The answer may not be to do with the design or construction quality of the building. Jonathan Garret, group head of environment at contractor Balfour Beatty, says: “A modern building will have better insulation because it’s required. All things being equal you should still get a better performance.”
Patrick Brown, assistant director for sustainability at the British Property Federation (BPF), says under-performance is often due to the owner not understanding the building or having difficulties managing its performance alongside tenants. “Too often the owner is taking action on their own on common services but he cannot get the tenants to co-operate with him or with each other,” says Brown.

John Tebbit, deputy chief executive of the Construction Products Association (CPA), argues that the problems in building management are worse in newer buildings, and arise from the complexity of the systems used.

Building’s results give some credence to Brown and Tebbit’s observations. When asked how easy it was to optimise the performance of their buildings, 24% of new building occupants rated their building above average compared with almost exactly the same - 23% - for older buildings.

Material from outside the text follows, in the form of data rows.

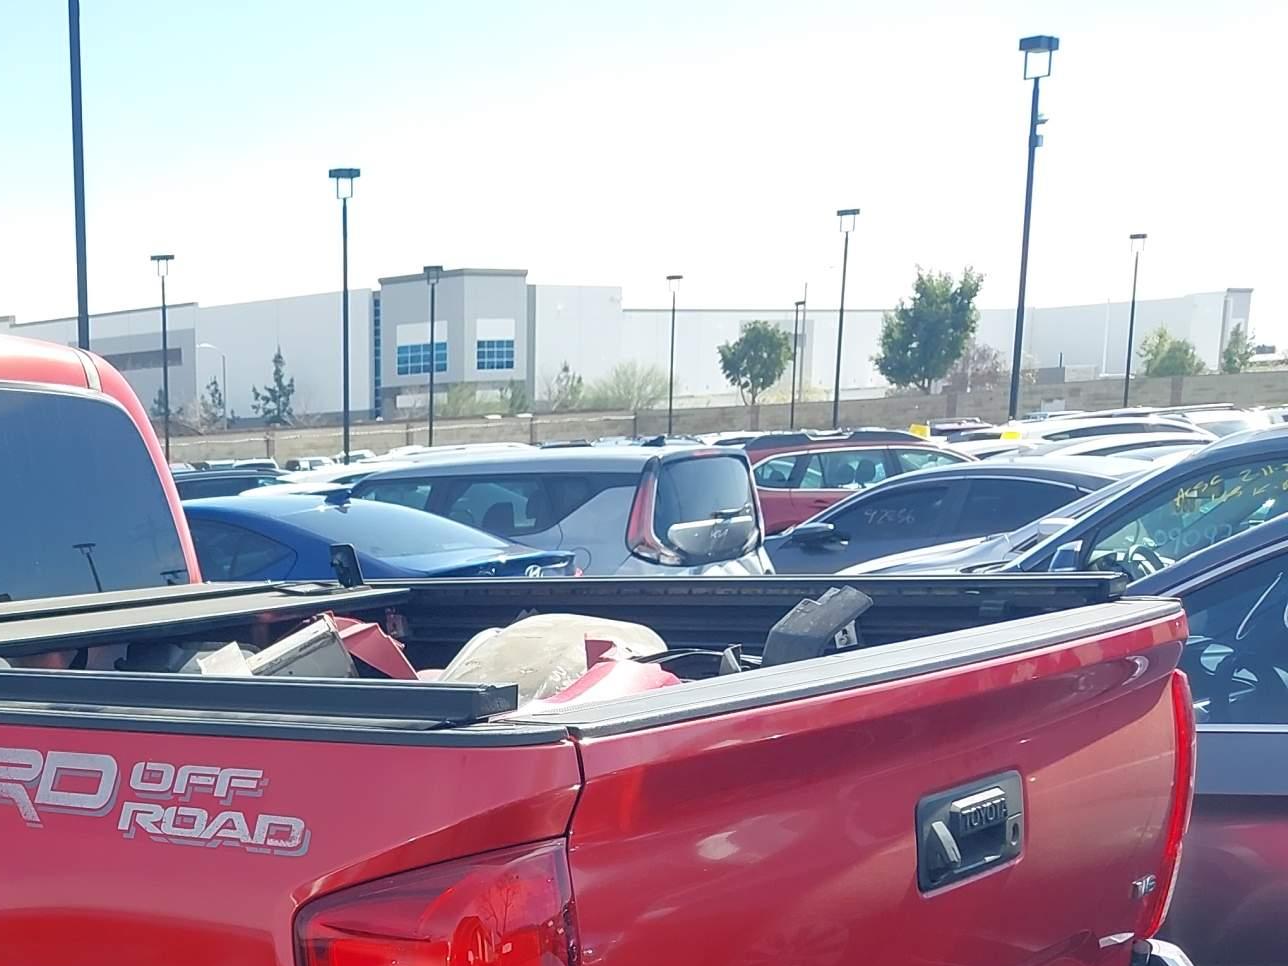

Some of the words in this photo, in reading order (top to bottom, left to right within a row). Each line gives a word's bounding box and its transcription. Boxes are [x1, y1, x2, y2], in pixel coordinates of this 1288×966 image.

[129, 760, 268, 805] OFF
[117, 801, 311, 856] ROAD
[961, 797, 1008, 831] TOYOTA
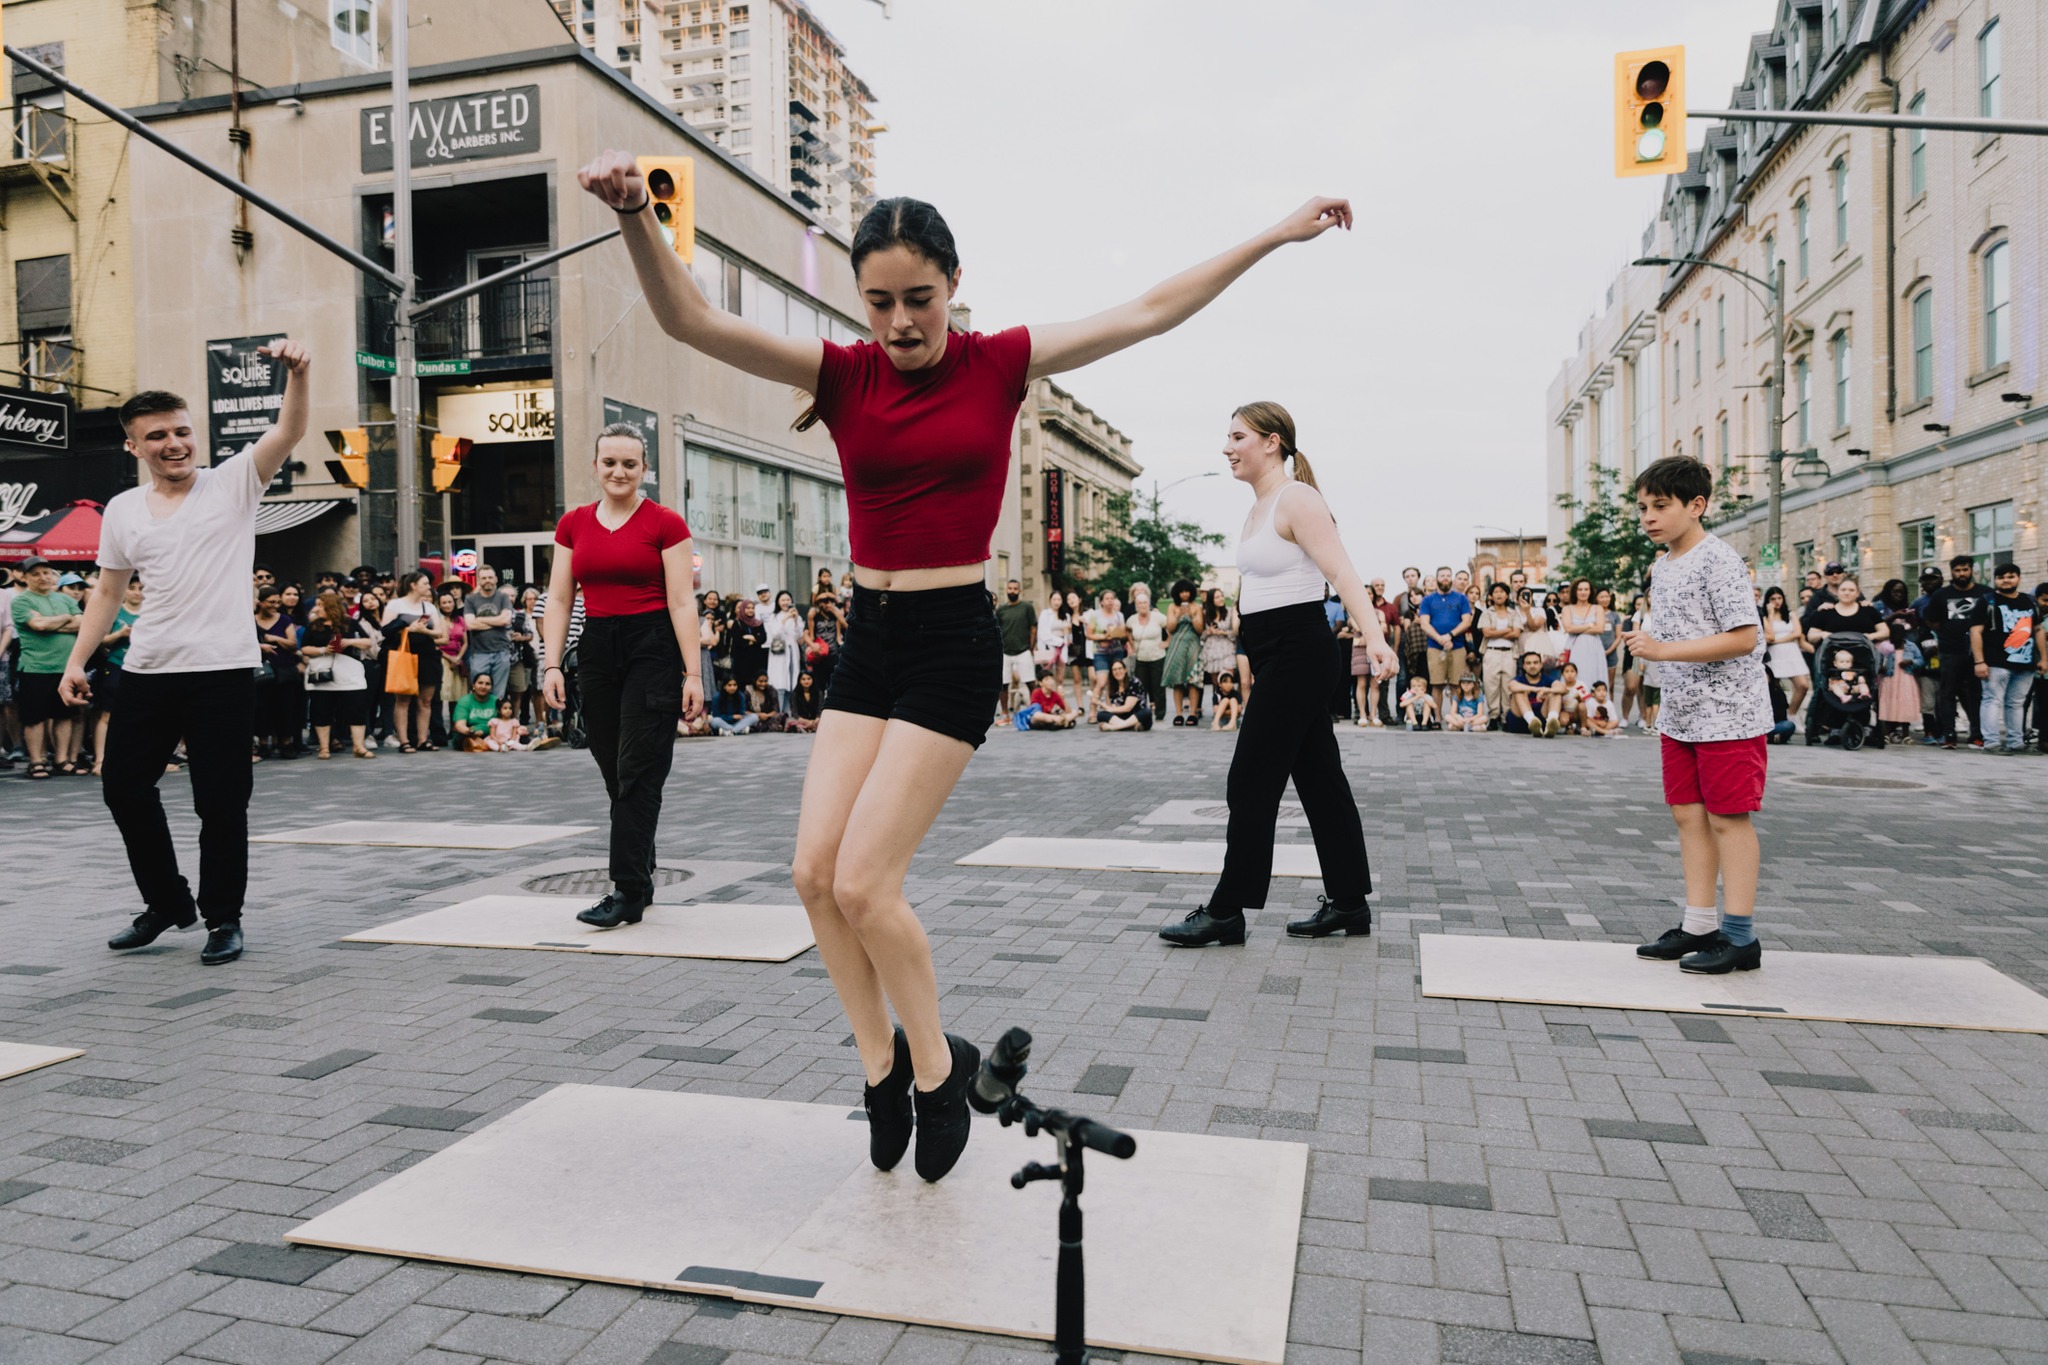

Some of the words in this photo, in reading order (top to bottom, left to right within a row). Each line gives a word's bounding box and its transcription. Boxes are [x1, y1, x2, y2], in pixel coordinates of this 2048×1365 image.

[451, 132, 498, 150] BARBERS
[500, 130, 525, 144] INC.
[240, 352, 262, 367] THE
[357, 353, 386, 369] Talbot
[388, 360, 396, 369] St
[418, 362, 456, 373] Dundas
[459, 362, 469, 371] St
[221, 365, 271, 384] SQUIRE
[214, 398, 240, 414] LOCAL
[240, 396, 263, 412] LIVES
[263, 394, 283, 411] HERE
[513, 392, 544, 411] THE
[488, 410, 555, 433] SQUIRE
[1050, 472, 1059, 527] ROBINSON
[690, 509, 728, 533] SQUIRE
[1051, 543, 1059, 570] HALL
[502, 568, 514, 580] 109
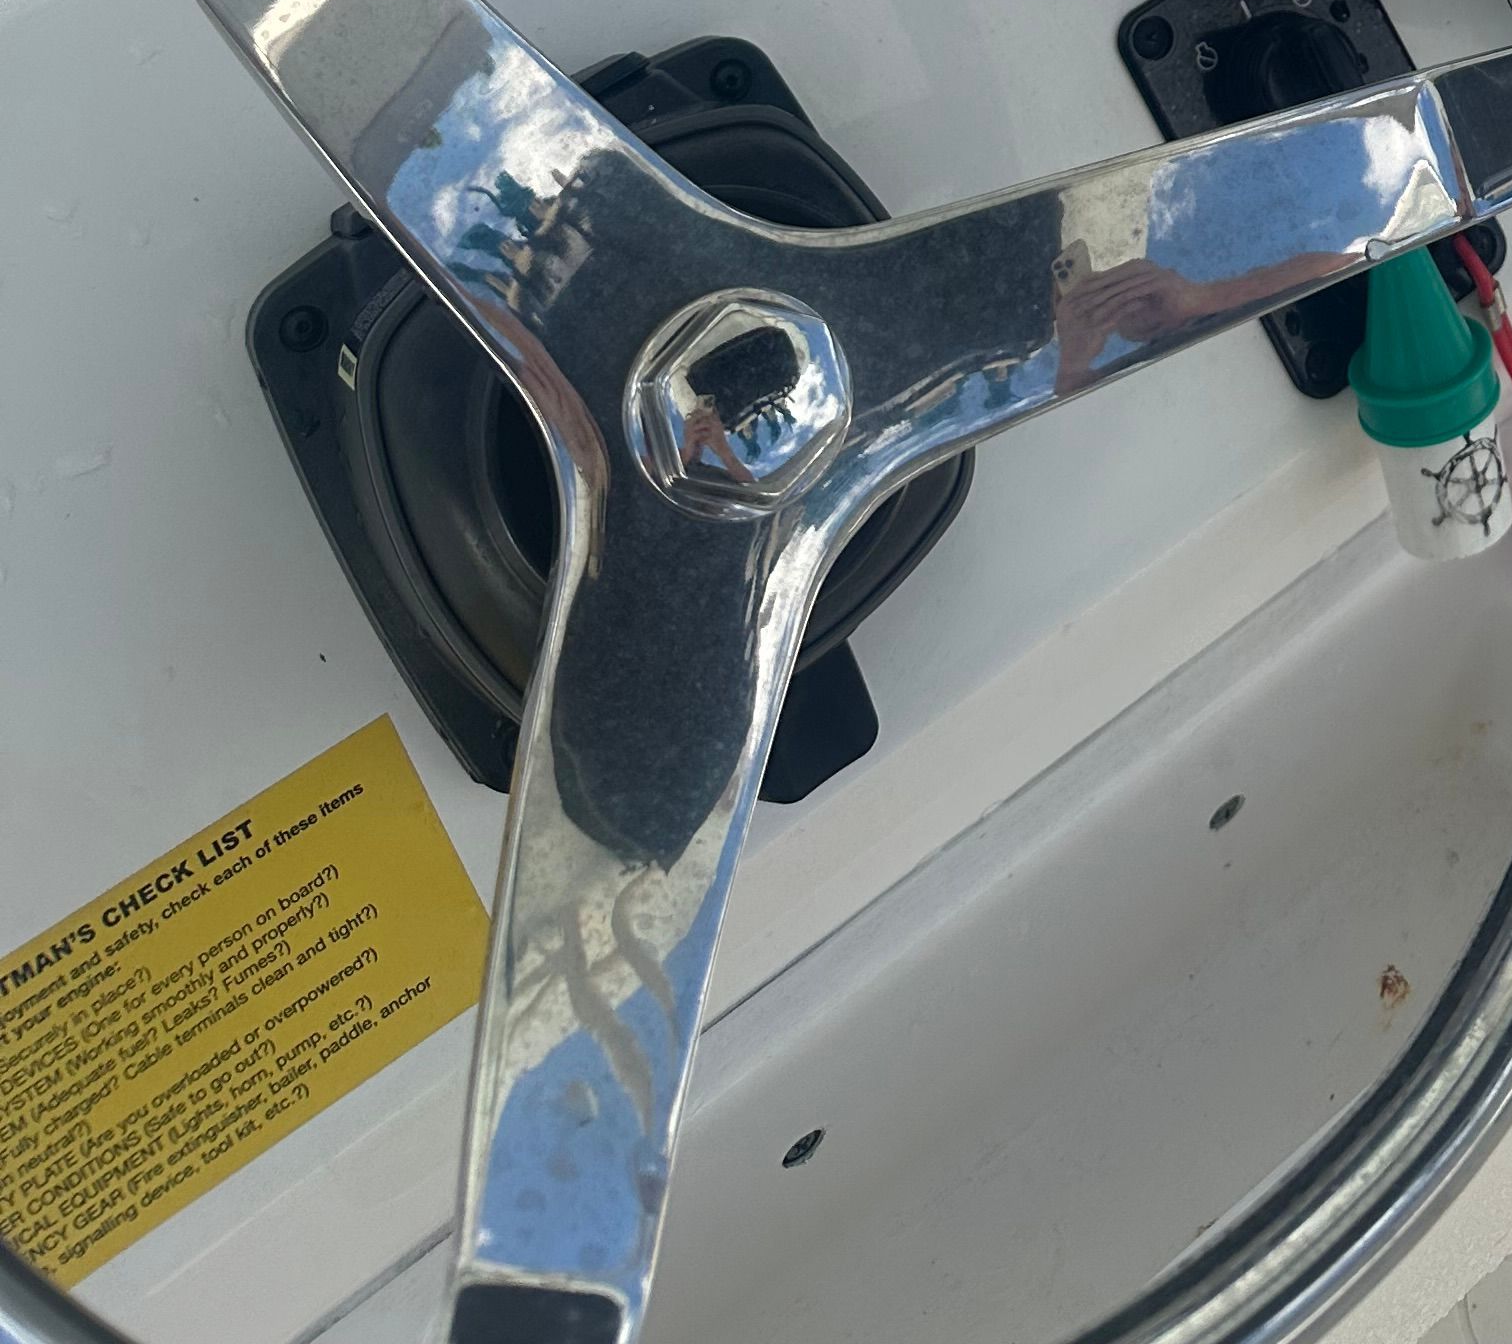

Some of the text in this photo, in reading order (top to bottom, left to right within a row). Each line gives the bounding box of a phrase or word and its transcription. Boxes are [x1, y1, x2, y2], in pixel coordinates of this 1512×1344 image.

[70, 951, 102, 980] and
[105, 919, 159, 956] safety,
[162, 883, 211, 919] check
[214, 856, 252, 885] each
[256, 839, 271, 858] of
[273, 814, 317, 845] these
[319, 784, 363, 817] items
[102, 860, 194, 927] CHECK
[197, 819, 252, 867] LIST
[0, 865, 338, 1096] DEVICES (One for every person on board?)
[11, 1004, 52, 1040] your
[57, 961, 121, 1008] engine:
[19, 1150, 78, 1197] PLATE
[80, 1129, 115, 1158] (Are
[116, 1104, 149, 1135] you
[152, 1039, 241, 1108] overloaded
[244, 1027, 259, 1045] or
[265, 947, 377, 1031] overpowered?)
[31, 1059, 117, 1123] (Adequate
[118, 1027, 157, 1062] fuel?
[161, 986, 218, 1033] Leaks?
[222, 940, 290, 992] Fumes?)
[44, 1075, 119, 1135] charged?
[123, 1044, 173, 1080] Cable
[175, 993, 248, 1046] terminals
[252, 963, 294, 995] clean
[297, 938, 326, 965] and
[328, 904, 377, 942] tight?)
[66, 1021, 139, 1076] (Working
[142, 970, 213, 1024] smoothly
[219, 945, 249, 973] and
[251, 892, 329, 954] properly?)
[70, 1010, 89, 1025] in
[91, 966, 151, 1016] place?)
[17, 1120, 91, 1177] neutral?)
[27, 1130, 142, 1215] CONDITIONS
[143, 1102, 187, 1138] (Safe
[188, 1088, 207, 1105] to
[210, 1072, 232, 1094] go
[235, 1039, 275, 1073] out?)
[58, 1135, 163, 1217] EQUIPMENT
[168, 1099, 229, 1144] (Lights,
[229, 1069, 273, 1100] horn,
[276, 1032, 326, 1071] pump,
[329, 995, 372, 1031] etc.?)
[58, 1083, 309, 1264] signalling device, tool kit, etc.?)
[73, 1189, 125, 1230] GEAR
[127, 1163, 164, 1195] (Fire
[167, 1092, 268, 1166] extinguisher,
[268, 1058, 317, 1095] bailer,
[319, 1019, 377, 1063] paddle,
[380, 976, 430, 1019] anchor
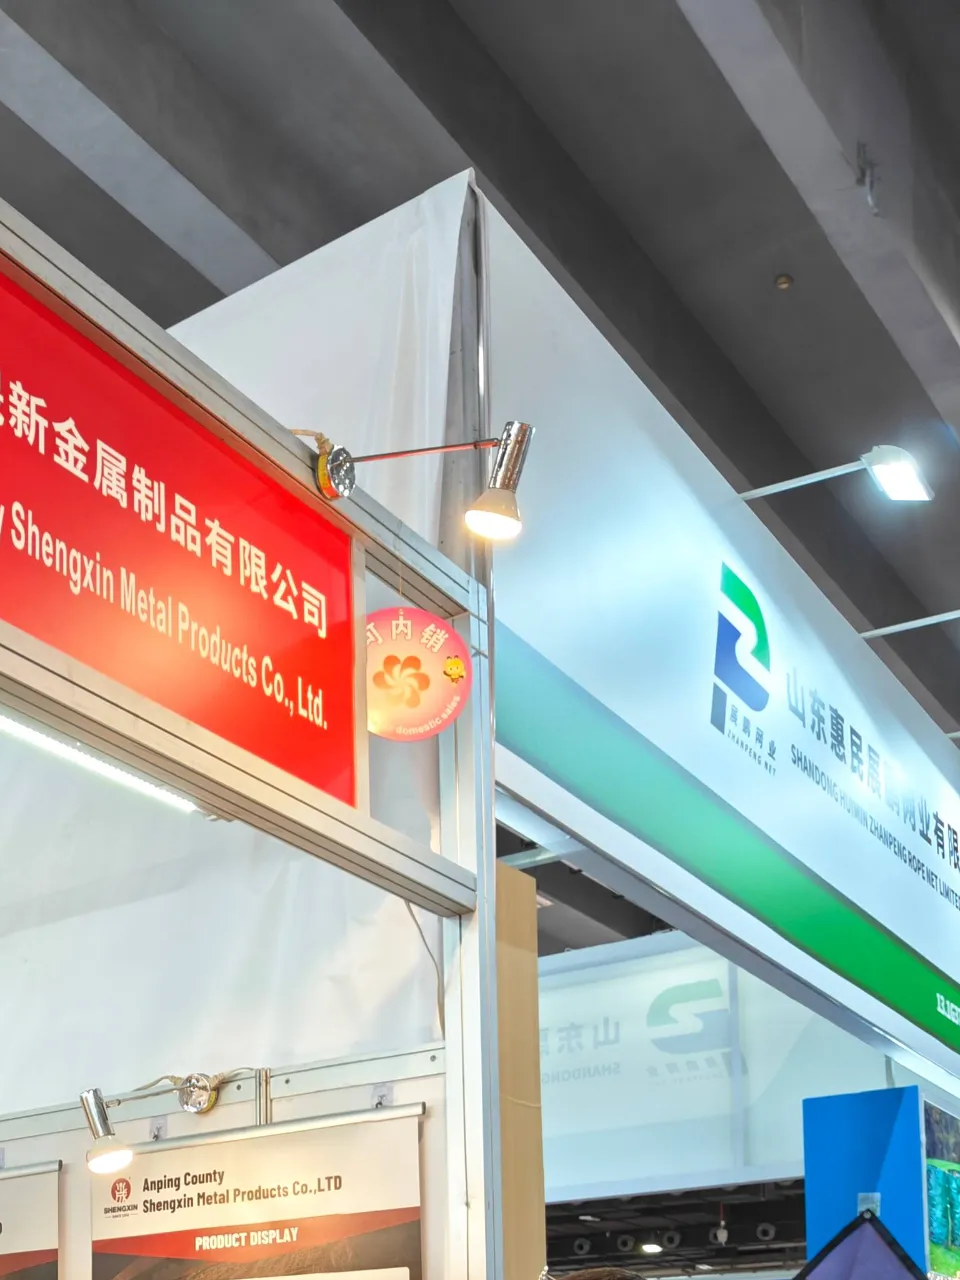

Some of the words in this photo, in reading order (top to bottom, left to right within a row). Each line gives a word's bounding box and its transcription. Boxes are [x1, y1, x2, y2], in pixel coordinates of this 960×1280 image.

While you might expect a leaky older building to be difficult to optimise, a newer one should be easier. However, all too often complex systems get in the way of this.
Certainly that has been the experience of Cardiff Metropolitan University since it built its new management school building. David Benson, director of estates and facilities, says: “If we could have put the building up and walked away from it, it would have been fantastic.” But that didn’t happen. He says he has spent a lot of time over the past year working out kinks in the building’s systems.

And despite the overall positive findings, Benson’s experience shows getting a BREEAM certification - the building was awarded Excellent - doesn’t always help. He says BREEAM forced him to install much of the technology now giving him trouble, such as heat exchangers, because of the need to make up points that the building lost in other areas beyond his control.

The draft 2013 Part L regulations, which govern the energy consumption of buildings, are taking a step towards simplification by forcing developers to meet a fabric energy efficiency standard as well as overall carbon reduction target, which may encourage developers to build simpler designs.

The CPA’s Tebbit suggests that it is possible the industry has reached a point where improving building services will no longer deliver jumps in building efficiency, and that designs for reducing energy use that concentrate on the fabric first, such as the German standard Passivhaus, will come to the fore. “Passivhaus is a relatively simple design system because you have taken everything out,” he says.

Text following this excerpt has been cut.